Write the records out exactly as they read, but not the pictures.

=-=-=

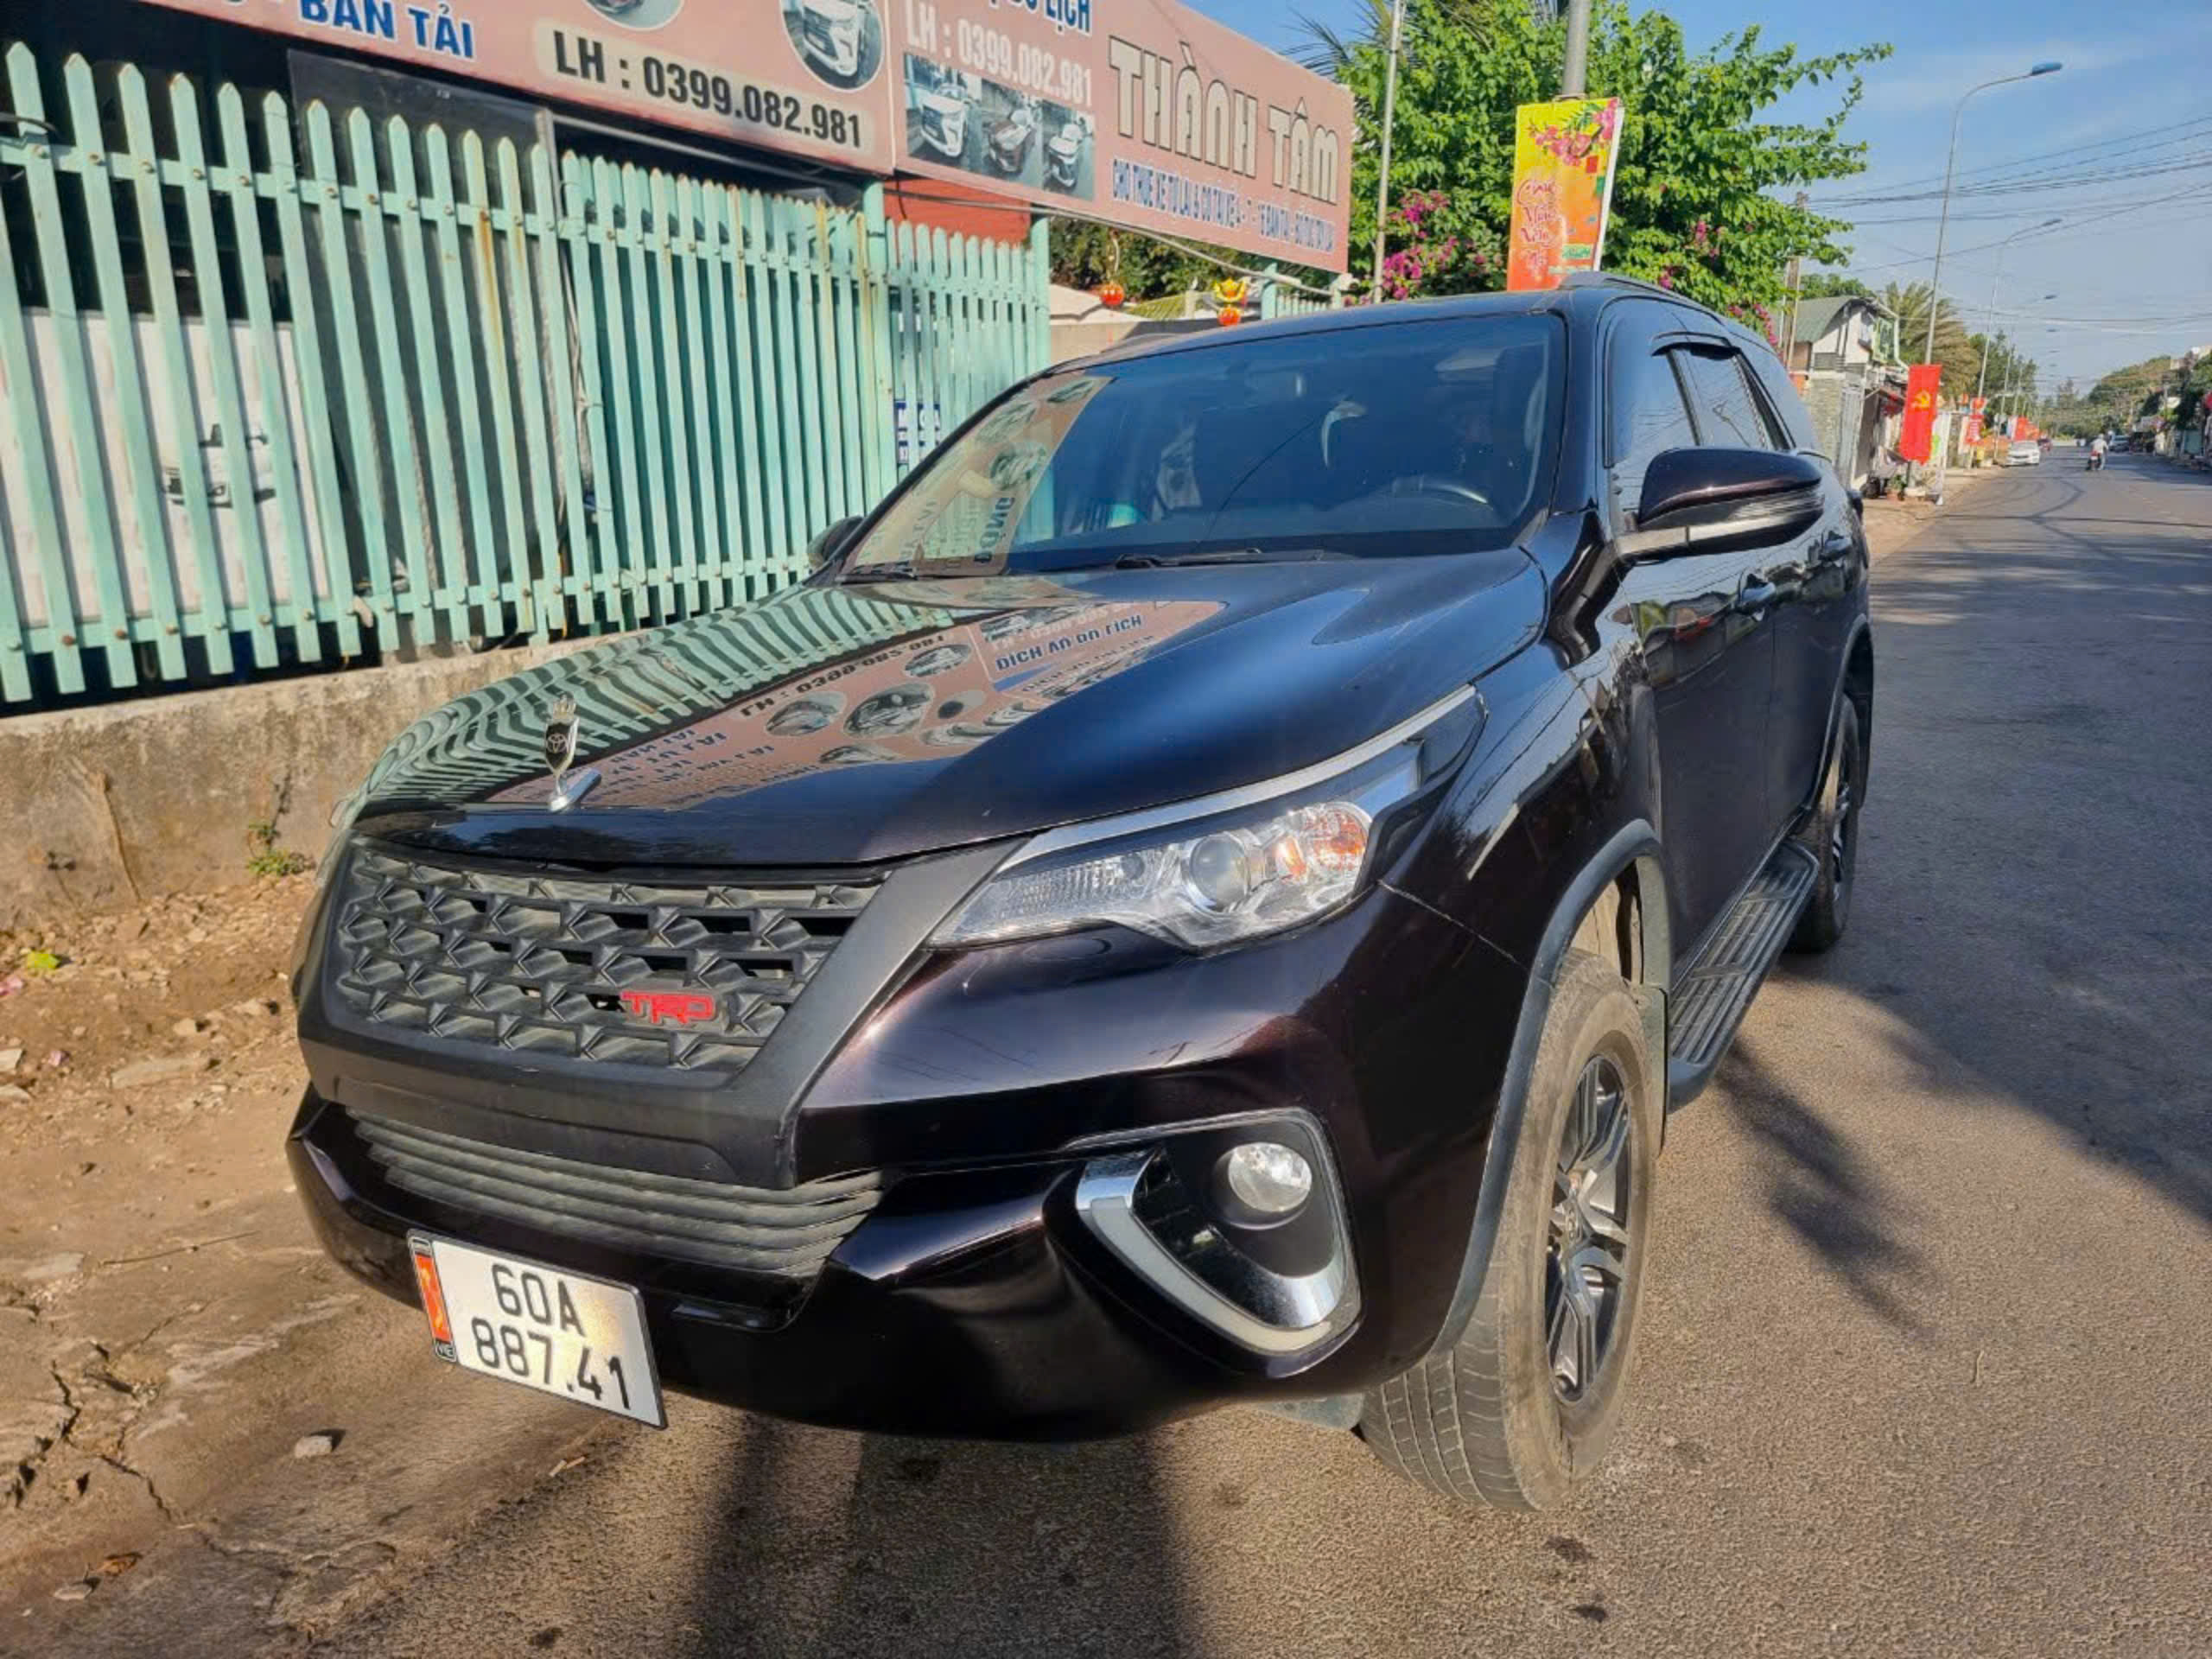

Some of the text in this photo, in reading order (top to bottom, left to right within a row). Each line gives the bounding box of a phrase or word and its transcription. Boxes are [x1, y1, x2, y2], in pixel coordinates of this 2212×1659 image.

[408, 3, 474, 60] TẢI
[906, 0, 938, 54] LH
[957, 18, 1092, 108] 0399.082.981
[553, 29, 606, 84] LH
[642, 55, 861, 149] 0399.082.981
[492, 1263, 586, 1338] 60A
[472, 1316, 631, 1410] 887.41

=-=-=

▸ **Written response**
Some of the text in this photo, in reading order (top to bottom, left to right within a row). Each line gives the bounding box of a phrase or word and its transcription. Boxes are [x1, y1, x2, y2], in pixel coordinates of this 2212×1659 image.

[408, 3, 474, 60] TẢI
[906, 0, 938, 54] LH
[957, 18, 1092, 108] 0399.082.981
[553, 29, 606, 84] LH
[642, 55, 861, 149] 0399.082.981
[492, 1263, 586, 1338] 60A
[472, 1316, 631, 1410] 887.41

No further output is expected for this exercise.